Data records
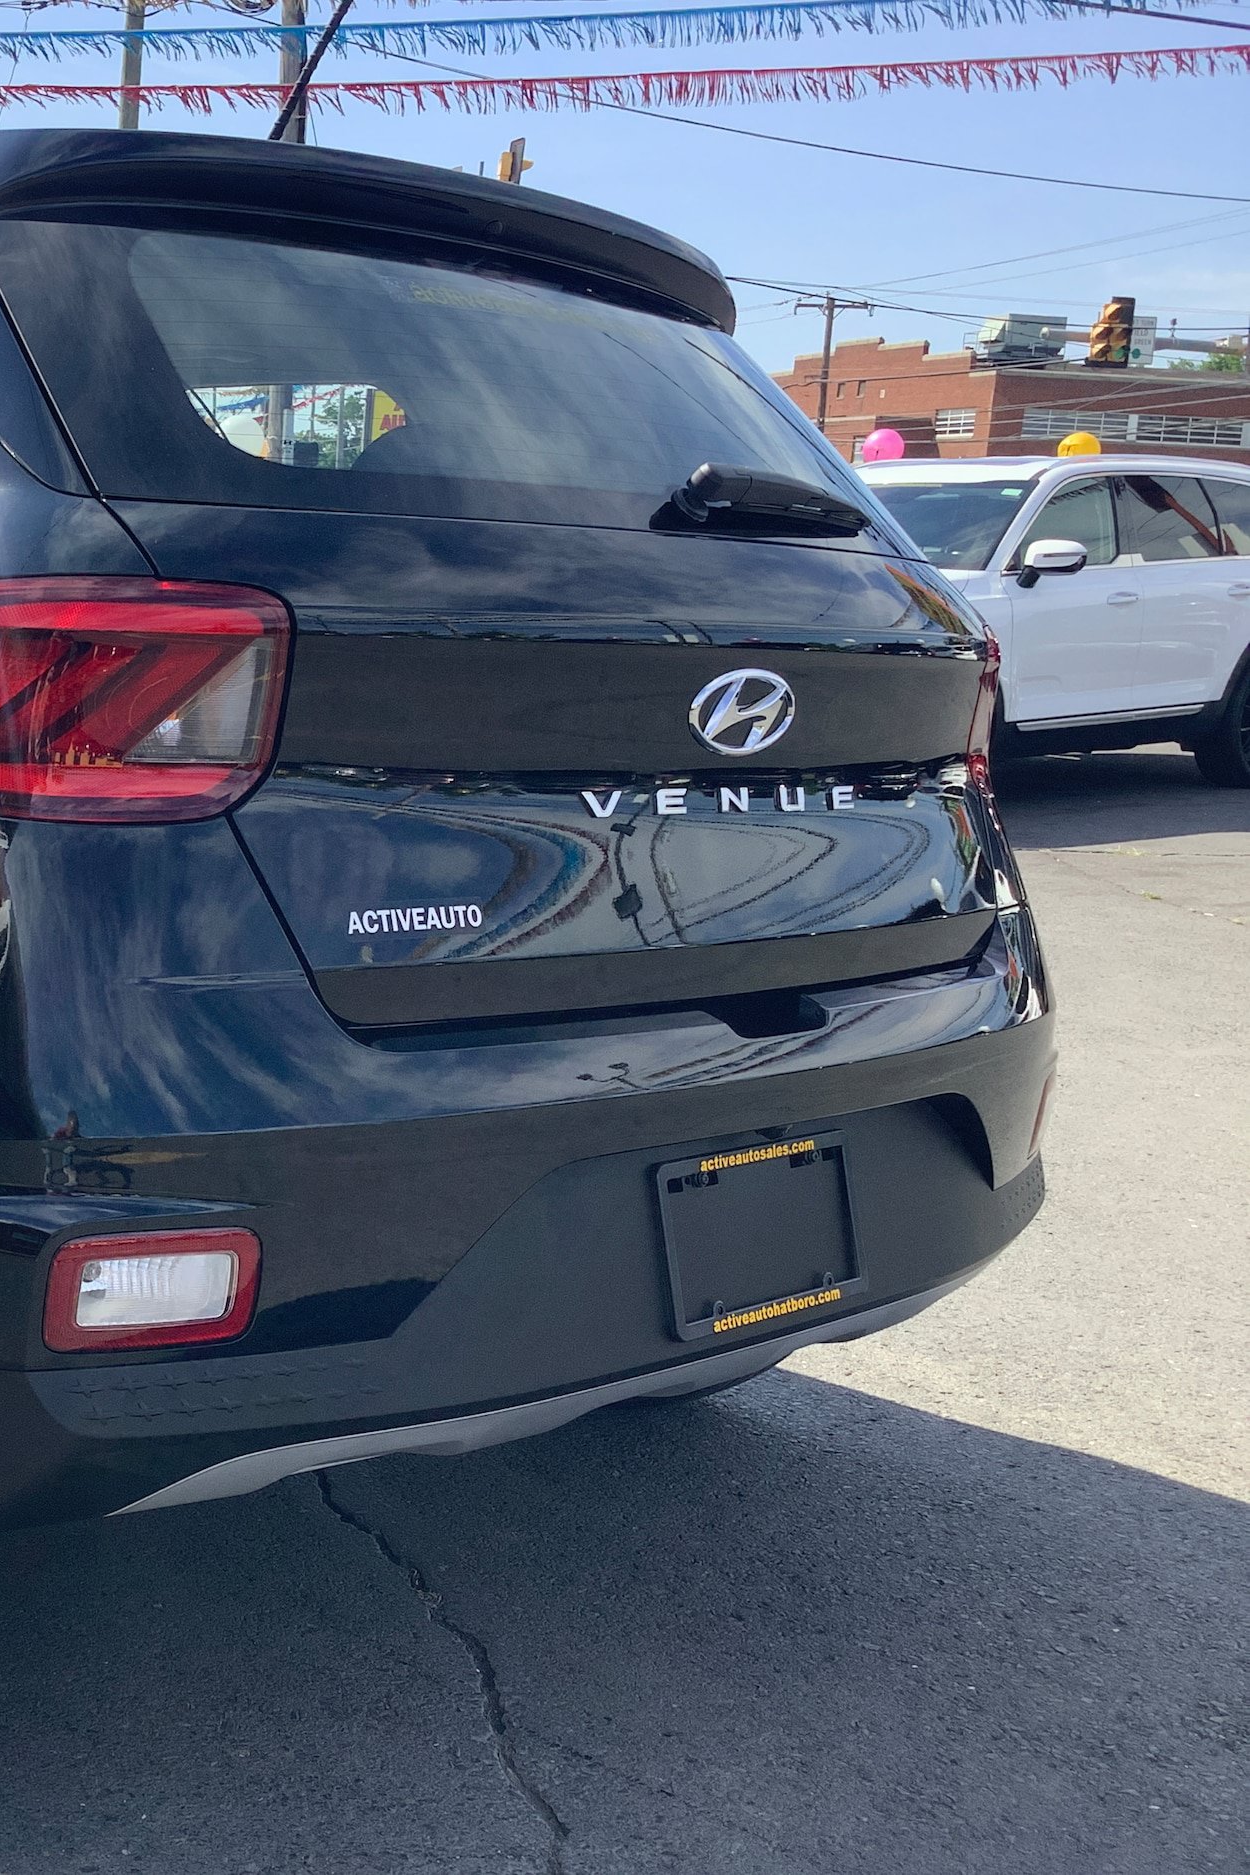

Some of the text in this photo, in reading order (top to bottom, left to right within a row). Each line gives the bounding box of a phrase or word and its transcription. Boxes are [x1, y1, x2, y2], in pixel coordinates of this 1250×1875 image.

[581, 785, 854, 818] VENUE
[348, 904, 483, 935] ACTIVEAUTO
[700, 1139, 814, 1172] activeautosales.com
[713, 1288, 841, 1333] activeautohatboro.com

Task requirements
Write out the material exactly as it stands, omitting every picture.

Written response
Some of the text in this photo, in reading order (top to bottom, left to right within a row). Each line gives the bounding box of a phrase or word and its transcription. Boxes are [x1, y1, x2, y2], in pixel coordinates of this 1250×1875 image.

[581, 785, 854, 818] VENUE
[348, 904, 483, 935] ACTIVEAUTO
[700, 1139, 814, 1172] activeautosales.com
[713, 1288, 841, 1333] activeautohatboro.com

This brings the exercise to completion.